I'm sorry:
That we adults have shirked our duties to rear, nurture and protect you. That we've convinced ourselves that you don't need two parents -- a mother and a father -- but that any sex-neutral combo will do.
That even when you were nearly newborn, we handed you over to strangers, whom we trusted to care for you but who, in our hearts, we knew couldn't love you as we would.
I'm sorry:
That by changing "caregivers" every few months, we failed to help you build the bonds of trust that would help you develop cognitively and emotionally, thus to ward off the societal pathologies sure to surround you.
That in our efforts to provide all material things you might want someday, we forgot that our being there was more important to you than 4,000 plastic toys. That we've created a system that rips apart families during divorce and makes you pawns in custody disputes instead of realizing that you love and need both of your parents.
That we've given you rights before you're capable of understanding their purpose. We gave you the right -- and the means -- to have sex before you're ready. We gave you the right to abort pregnancies, even without your parents' consent, before you had the maturity to understand the weight of that decision.

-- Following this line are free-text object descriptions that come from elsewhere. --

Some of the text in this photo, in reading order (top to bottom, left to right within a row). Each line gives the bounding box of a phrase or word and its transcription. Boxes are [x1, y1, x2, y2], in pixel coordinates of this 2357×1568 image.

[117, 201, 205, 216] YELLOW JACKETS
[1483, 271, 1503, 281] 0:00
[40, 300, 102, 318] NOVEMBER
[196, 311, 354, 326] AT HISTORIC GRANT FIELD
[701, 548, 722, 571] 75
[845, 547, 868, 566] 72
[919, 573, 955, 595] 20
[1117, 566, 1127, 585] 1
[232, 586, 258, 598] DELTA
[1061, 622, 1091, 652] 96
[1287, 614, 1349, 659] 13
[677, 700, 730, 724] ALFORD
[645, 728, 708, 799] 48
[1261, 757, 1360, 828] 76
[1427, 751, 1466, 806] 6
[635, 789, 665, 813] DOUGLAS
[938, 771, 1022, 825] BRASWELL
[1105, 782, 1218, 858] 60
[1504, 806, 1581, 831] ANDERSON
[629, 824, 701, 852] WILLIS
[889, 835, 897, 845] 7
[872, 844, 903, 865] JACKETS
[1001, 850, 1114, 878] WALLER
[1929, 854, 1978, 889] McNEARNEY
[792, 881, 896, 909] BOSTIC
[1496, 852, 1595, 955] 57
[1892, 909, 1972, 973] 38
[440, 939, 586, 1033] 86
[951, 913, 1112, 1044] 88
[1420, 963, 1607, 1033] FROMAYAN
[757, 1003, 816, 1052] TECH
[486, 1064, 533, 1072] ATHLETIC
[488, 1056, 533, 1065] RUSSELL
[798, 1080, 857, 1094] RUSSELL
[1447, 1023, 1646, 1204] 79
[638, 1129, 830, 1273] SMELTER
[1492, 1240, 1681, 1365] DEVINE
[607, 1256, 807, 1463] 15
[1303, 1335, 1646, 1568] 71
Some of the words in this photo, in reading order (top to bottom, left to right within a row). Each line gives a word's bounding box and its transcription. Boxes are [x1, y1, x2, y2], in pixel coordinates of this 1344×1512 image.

I'm sorry that we've made drugs so much a part of your life that you can't get through a school day without medication, that we've delegated your emotional well-being to peers and hired help.
That we've given you the power to challenge rules instead of insisting that you obey them. You can call the American Civil Liberties Union and force institutions to bow to your individual wishes rather than learn that a civil society depends on cooperation and adherence to rules.
That we've robbed you of the protection of teachers and principals by forbidding them to discipline bullies and troublemakers. When a fellow student curses and shoves a teacher, or punches another student, you have to worry if the punishment will end with violence rather than the swift, sure actions of grown-ups.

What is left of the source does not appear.